Incentivizes Modular Refineries and New Entrants
Aye said a competitive market makes it more attractive for new players, including modular refinery operators, to enter the sector.
“This diversification of supply sources reduces the risk of monopolies and ensures a more stable and reliable fuel supply for the country,” he said.
To achieve these benefits, experts said Nigeria can draw lessons from global best practices in managing anti-competition in the downstream petroleum sector.
Examples include the United States’ antitrust enforcement, the European Union’s unbundling policies, and Brazil’s asset divestment initiatives.
Ogunleye outlined essential features of a competitive market, including fair access to critical infrastructure, transparent and market-based pricing, the removal of regulatory bottlenecks, and strong enforcement mechanisms to maintain healthy competition that benefits consumers and stakeholders alike.
Highlighting the dangers of anti-competitive behaviour, he said such actions in the petroleum sector undermine market efficiency, distort pricing, and reduce consumer options. These practices include price-fixing, collusion, predatory pricing, abuse of market dominance, and unfair contractual restrictions.
He warned that these activities disrupt the market, create artificial entry barriers for smaller businesses, compromise pricing transparency, hurt consumer interests, and limit innovation and service quality improvements.

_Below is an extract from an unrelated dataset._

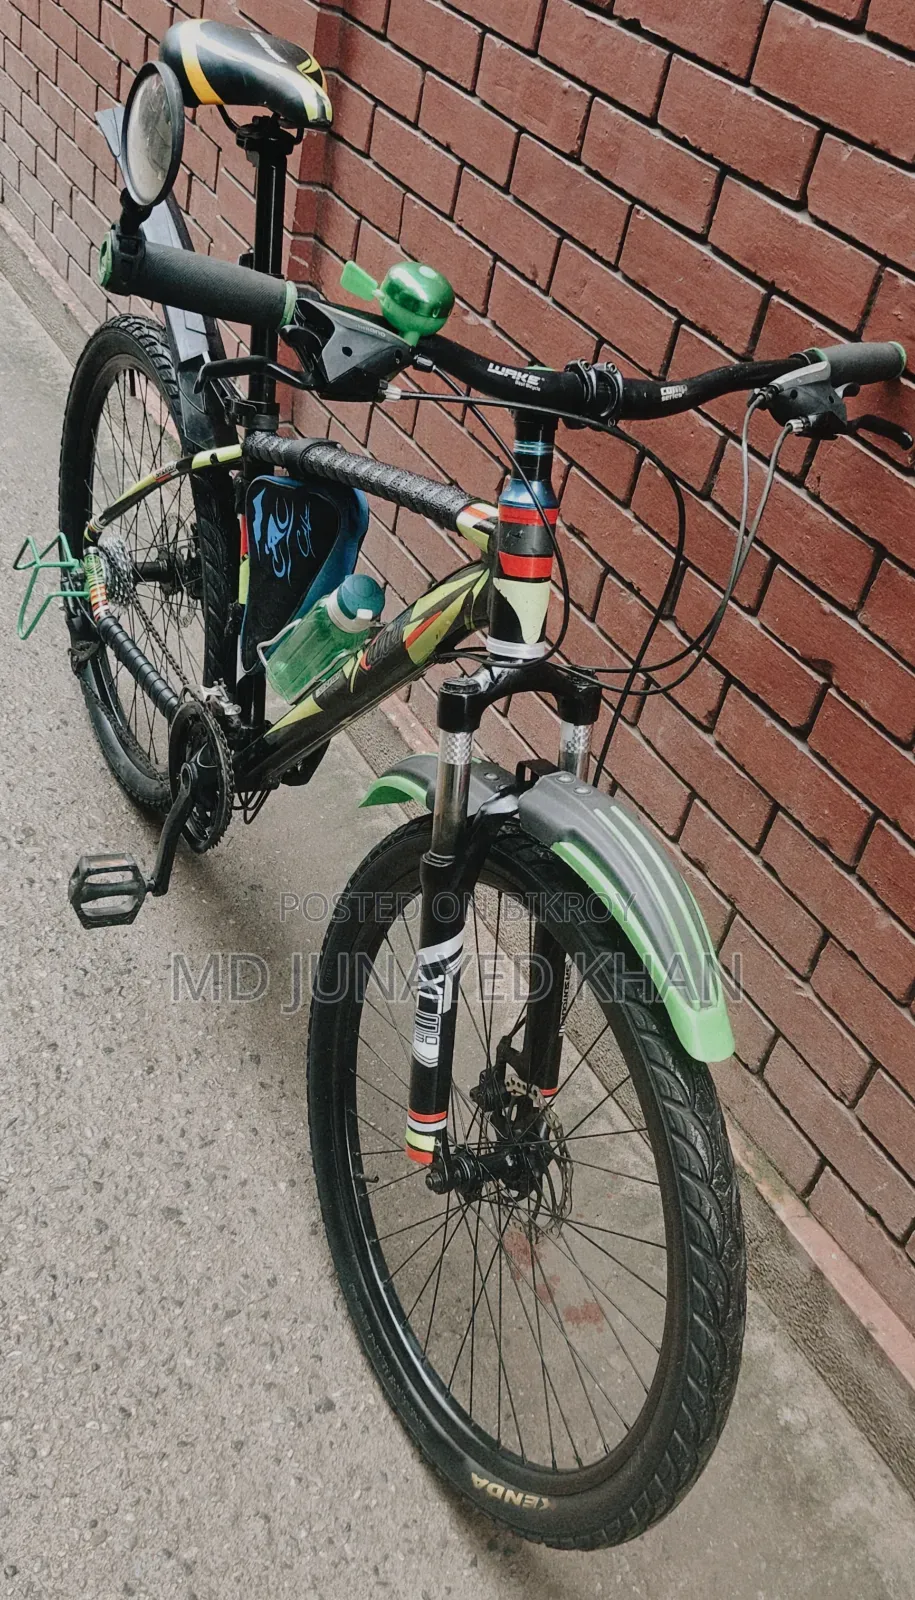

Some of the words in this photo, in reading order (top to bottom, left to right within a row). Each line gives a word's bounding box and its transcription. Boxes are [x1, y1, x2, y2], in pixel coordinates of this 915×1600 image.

[487, 362, 541, 386] WAKE
[660, 384, 687, 396] comp
[661, 392, 683, 402] series
[471, 1471, 556, 1512] KENDA

Ogunleye said, “Anti-competitive practices and behaviors in the midstream and downstream petroleum industry refer to strategies employed by petroleum companies or market participants to unfairly restrict competition and gain undue advantage, typically at the expense of consumers and rivals.
“These practices limit market efficiency, distort pricing mechanisms, prevent new businesses from entering, and negatively impact overall economic welfare.”
“The impacts of anti-competitive behaviours are especially severe in countries with developing regulatory institutions or in transitioning markets. Strict regulatory oversight and enforcement, transparent market access rules, and competitive pressure are essential to minimize these serious consequences.”
He continued: “The benefits of competition for consumers include lower and fairer prices at the pump, improved service delivery at filling stations, product innovation, transparency, and incentives for modular refineries and new entrants.”